Do pierwszego listopada, aby otrzymać becikowe - czyli jednorazową zapomogę w wysokości tysiąca złotych z tytułu urodzenia dziecka należało jedynie złożyć pisemny wniosek o jego przyznanie. Rodzice mieli na to czas przez 12 miesięcy od dnia narodzin dziecka. Do wniosku należało dostarczyć następujące dokumenty: dokument stwierdzający tożsamość osoby ubiegającej się o becikowe, skrócony odpis aktu urodzenia dziecka lub inny dokument urzędowy potwierdzający datę urodzenia dziecka, pisemne oświadczenie, że na dziecko nie zostało wcześniej pobrane becikowe np. przez drugiego z rodziców.
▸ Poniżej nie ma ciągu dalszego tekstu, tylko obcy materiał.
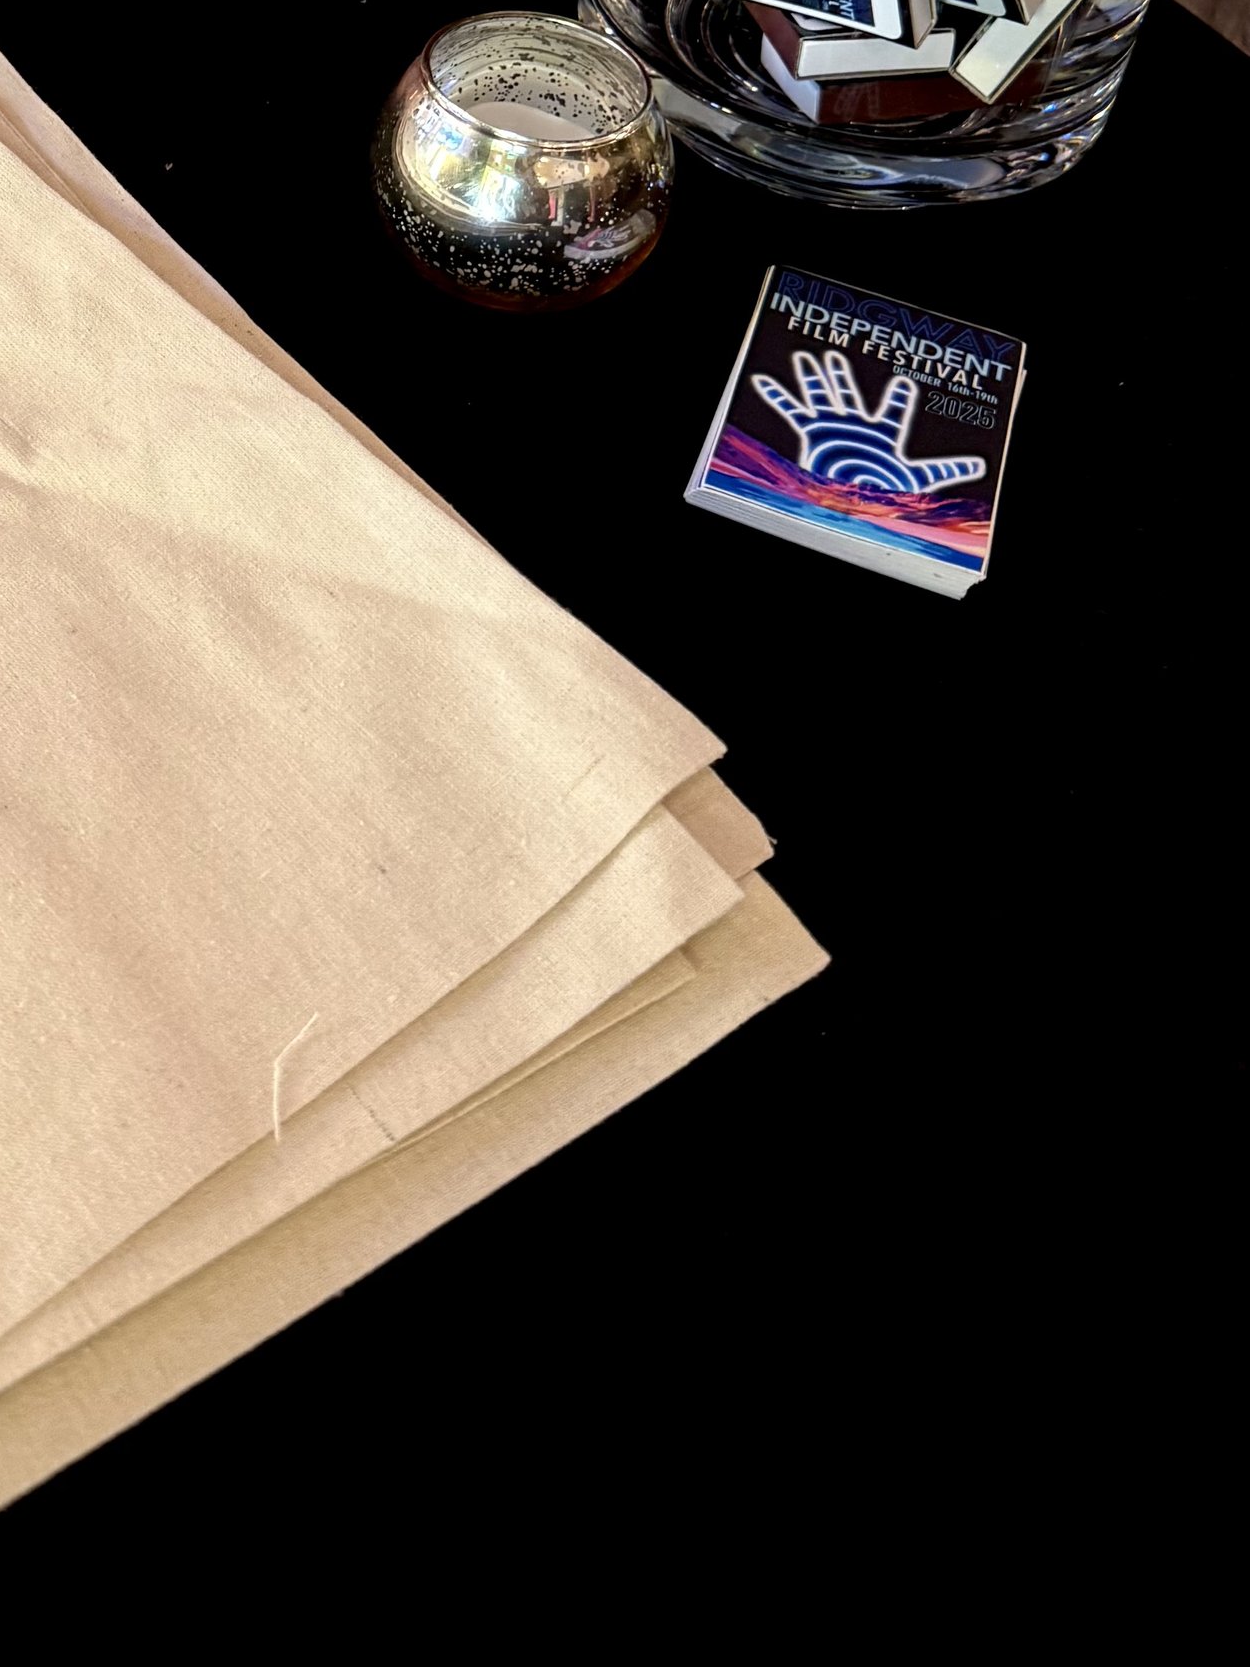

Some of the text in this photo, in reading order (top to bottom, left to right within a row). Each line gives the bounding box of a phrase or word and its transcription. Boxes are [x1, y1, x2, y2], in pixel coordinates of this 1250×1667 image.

[769, 292, 1013, 382] INDEPENDENT
[777, 271, 1017, 362] RIDGWAY
[787, 316, 984, 390] FILM FESTIVAL
[892, 365, 998, 406] OCTOBER 16th-19th
[924, 391, 997, 430] 2025
Zmiany zaszły od 1 listopada 2009 roku. Teraz, aby otrzymać zapomogę należy w miejscu, gdzie wypłacane są świadczenia rodzinne (w urzędzie gminy lub w ośrodku pomocy społecznej) do powyższych dokumentów trzeba będzie dołączyć również zaświadczenie o objęcie kobiety ciężarnej opieką lekarską w terminie do 10. tygodnia ciąży. Głównym celem wprowadzonych zmian jest zmotywowanie ciężarnych do przeprowadzania regularnych badań profilaktycznych. Okazuje się bowiem, że tylko co 12 kobieta w ciąży poddaje się regularnie badaniom lekarskim. Ustawa ma więc zmobilizować przyszłe mamy do wizyt w gabinecie ginekologicznym już od początku ciąży.
Teraz ministerstwo pracy planuje zwiększyć kwotę becikowego. Kwota ma rosnąć w zależności od ilości dzieci w rodzinie. Kobieta, która urodzi piąte, czy szóste dziecko dostanie nawet kilka tysięcy złotych becikowego. Zmianie ma ulegnąć również sytuacja osób z niskimi dochodami. Tacy rodzice zamiast tysiąca złotych zapomogi mają otrzymać dwa tysiące. Trwają również prace nad tak zwana ustawą żłobkową, która ma ułatwić otwieranie takich placówek. Takie rozwiązania to niestety na razie tylko plany.